Quite a couple of important things happened. First of all, china officials have said that the property market in china is reaching bubble proportion so is really going to tighten it. Shanghai bourse fell 5% today, dragging hsi down 350 points, totally wiping off yesterday's gain. Why the over-reaction? I thought last time it has already been known that officials are clamping down on property in china because it's too hot already? Perhaps this time, officials admitted that it's a bubble too, that's the difference.

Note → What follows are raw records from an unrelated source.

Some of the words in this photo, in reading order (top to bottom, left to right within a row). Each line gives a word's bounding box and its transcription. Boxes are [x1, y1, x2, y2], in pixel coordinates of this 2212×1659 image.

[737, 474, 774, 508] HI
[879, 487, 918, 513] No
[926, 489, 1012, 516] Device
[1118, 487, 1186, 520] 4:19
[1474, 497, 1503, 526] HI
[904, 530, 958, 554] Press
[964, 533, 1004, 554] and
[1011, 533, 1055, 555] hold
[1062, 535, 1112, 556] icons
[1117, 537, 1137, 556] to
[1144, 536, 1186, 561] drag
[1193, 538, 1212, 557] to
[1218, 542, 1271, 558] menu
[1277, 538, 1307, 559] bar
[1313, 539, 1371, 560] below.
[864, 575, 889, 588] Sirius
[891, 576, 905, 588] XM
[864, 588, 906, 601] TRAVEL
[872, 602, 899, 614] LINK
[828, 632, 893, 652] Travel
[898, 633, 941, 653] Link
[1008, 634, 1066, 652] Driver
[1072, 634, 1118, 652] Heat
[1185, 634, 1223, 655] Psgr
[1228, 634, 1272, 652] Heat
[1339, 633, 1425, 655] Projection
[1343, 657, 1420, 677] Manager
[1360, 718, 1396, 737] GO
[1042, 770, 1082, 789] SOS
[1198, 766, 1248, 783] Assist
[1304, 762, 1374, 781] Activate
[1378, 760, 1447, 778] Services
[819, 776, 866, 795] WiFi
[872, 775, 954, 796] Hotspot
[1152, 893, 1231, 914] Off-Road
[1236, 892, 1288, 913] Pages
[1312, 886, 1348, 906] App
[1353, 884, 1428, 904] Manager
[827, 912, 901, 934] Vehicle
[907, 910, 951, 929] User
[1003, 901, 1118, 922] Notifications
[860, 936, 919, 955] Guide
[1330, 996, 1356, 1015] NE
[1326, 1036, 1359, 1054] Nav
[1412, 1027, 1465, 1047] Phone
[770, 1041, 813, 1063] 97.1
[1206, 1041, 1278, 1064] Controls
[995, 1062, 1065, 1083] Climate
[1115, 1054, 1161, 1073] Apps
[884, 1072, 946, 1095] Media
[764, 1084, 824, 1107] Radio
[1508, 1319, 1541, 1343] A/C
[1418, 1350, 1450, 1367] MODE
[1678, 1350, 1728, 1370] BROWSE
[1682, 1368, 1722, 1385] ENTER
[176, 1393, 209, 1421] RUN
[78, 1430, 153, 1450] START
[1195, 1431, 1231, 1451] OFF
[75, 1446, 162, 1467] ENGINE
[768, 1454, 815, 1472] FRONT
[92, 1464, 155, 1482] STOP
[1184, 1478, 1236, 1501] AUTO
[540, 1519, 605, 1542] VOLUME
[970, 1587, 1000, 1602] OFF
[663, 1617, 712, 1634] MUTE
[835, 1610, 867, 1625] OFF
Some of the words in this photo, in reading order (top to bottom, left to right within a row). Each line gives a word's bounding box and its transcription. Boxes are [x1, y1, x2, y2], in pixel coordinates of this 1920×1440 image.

This news eradicated whatever i've said earlier about hsi. Daily charts on hsi is bearish engulfing, quite a powerful reversal trend to the downside. HSI broke ema14 days already, with stochastics and rsi showing downtrend. All in all, quite bearish. We have to look out for break in trendline support, projected at around 19,900. If it breaks, another horizontal support at around 19,300. I would term this as a correction first, unless trendline broke, then we'll see a prolonged downtrend for hsi.
Actually it's all in bernanke's mouth now. If he says something everyone likes, tmr sti and hsi cheong. If not...
Today's price action:
Up 0.085, down 0.045 today, most likely due to profit taking.
Those holding shares dealing mainly in china properties do be careful. The cooling off measure taken by china to cool its property sector should not be taken too lightly. Those who hold singapore shares for short/medium term, should be looking at opportunities to sell. I can almost smell correction coming, can you? I bought my sti put warrants long time ago to hedge my positions (still in the red now).